Insurers to Cover $6 Million TCPA Settlement

Diverging from other states, the Illinois Supreme Court held last May that statutory damages under the Telephone Consumer Protection Act (“TCPA”) are not punitive, but remedial and therefore, insurable under commercial general liability insurance policies.  See Standard Mutual Ins. Co. v. Lay, 989 N.E. 3d 591 (Ill. 2013).  As a result of that decision, Judge Lefkow, district judge for the Northern District of Illinois, recently ordered insurers to cover a $6 million class settlement where defendant acted with a reasonable anticipation of its liability when it entered into the settlement with the plaintiff without input from its insurers.  See Maxum Indemnity Co. and Security Ins. Co. of Harford v. Eclipse Mfg. Co. et al., Case No. 06-cv-4946 (N.D.Ill. Nov. 1, 2013). Generally, an insurer is only obligated to cover settlement if the insurer participates in settlement efforts.  If a settlement, however, is reached in reasonable anticipation of liability, an insurer may be obligated to cover the settlement despite its lack of participation in settlement negotiations.  Notably, an insured need not establish actual liability. Because Standard Mutual foreclosed the insurers’ argument that they did not need to indemnify for punitive statutory damages, the insurers were found obligated to cover the $6 million class settlement upon Judge Lefkow’s finding that the settlement was reached in reasonable anticipation of liability.
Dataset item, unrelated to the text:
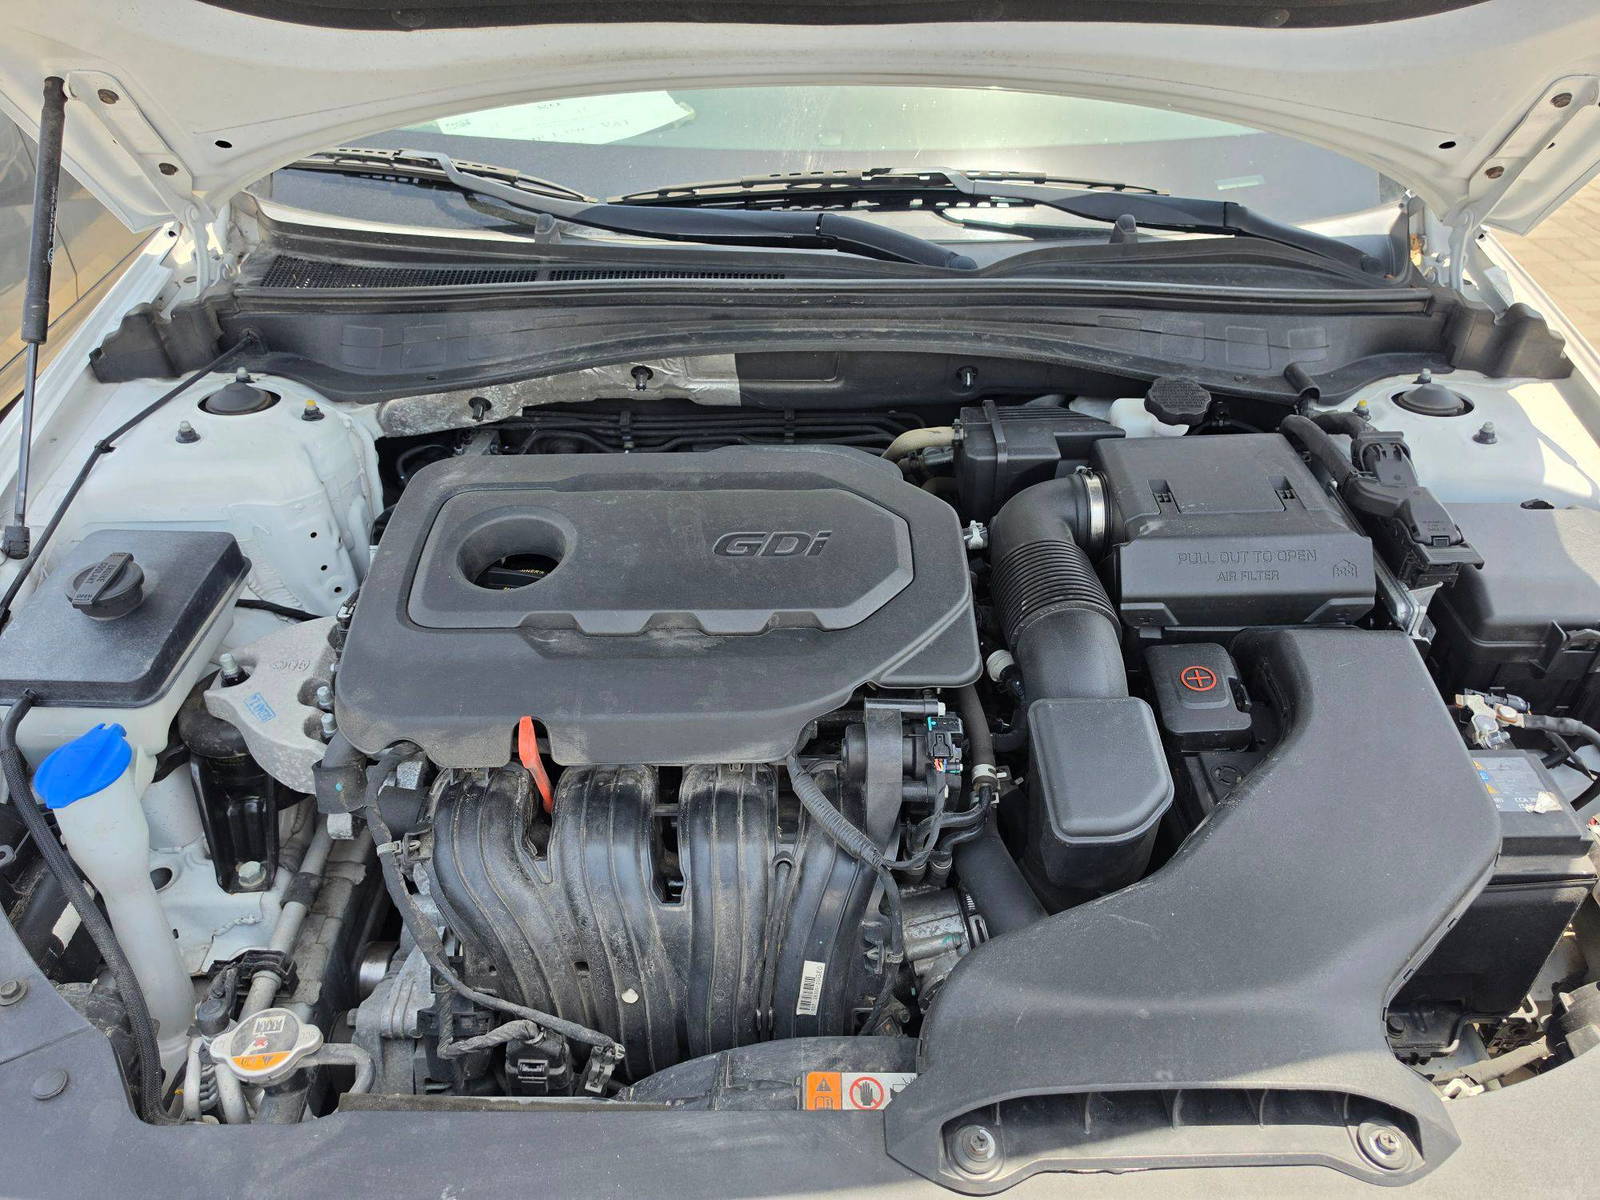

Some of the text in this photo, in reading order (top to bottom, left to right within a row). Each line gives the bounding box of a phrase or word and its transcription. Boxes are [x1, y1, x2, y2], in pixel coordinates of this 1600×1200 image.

[712, 530, 832, 557] GDi
[1178, 549, 1318, 564] PULL OUT TO OPEN
[1217, 570, 1280, 582] AIR FILTER
In light of the Standard Mutual and Maxum decisions, insurance companies should carefully consider their coverage obligations related to actions brought under the TCPA.  Likewise, businesses and individuals hit with TCPA claims should immediately assess whether the claims have been properly tendered, or whether effort should be made to have their insurance carrier reverse a past coverage decision.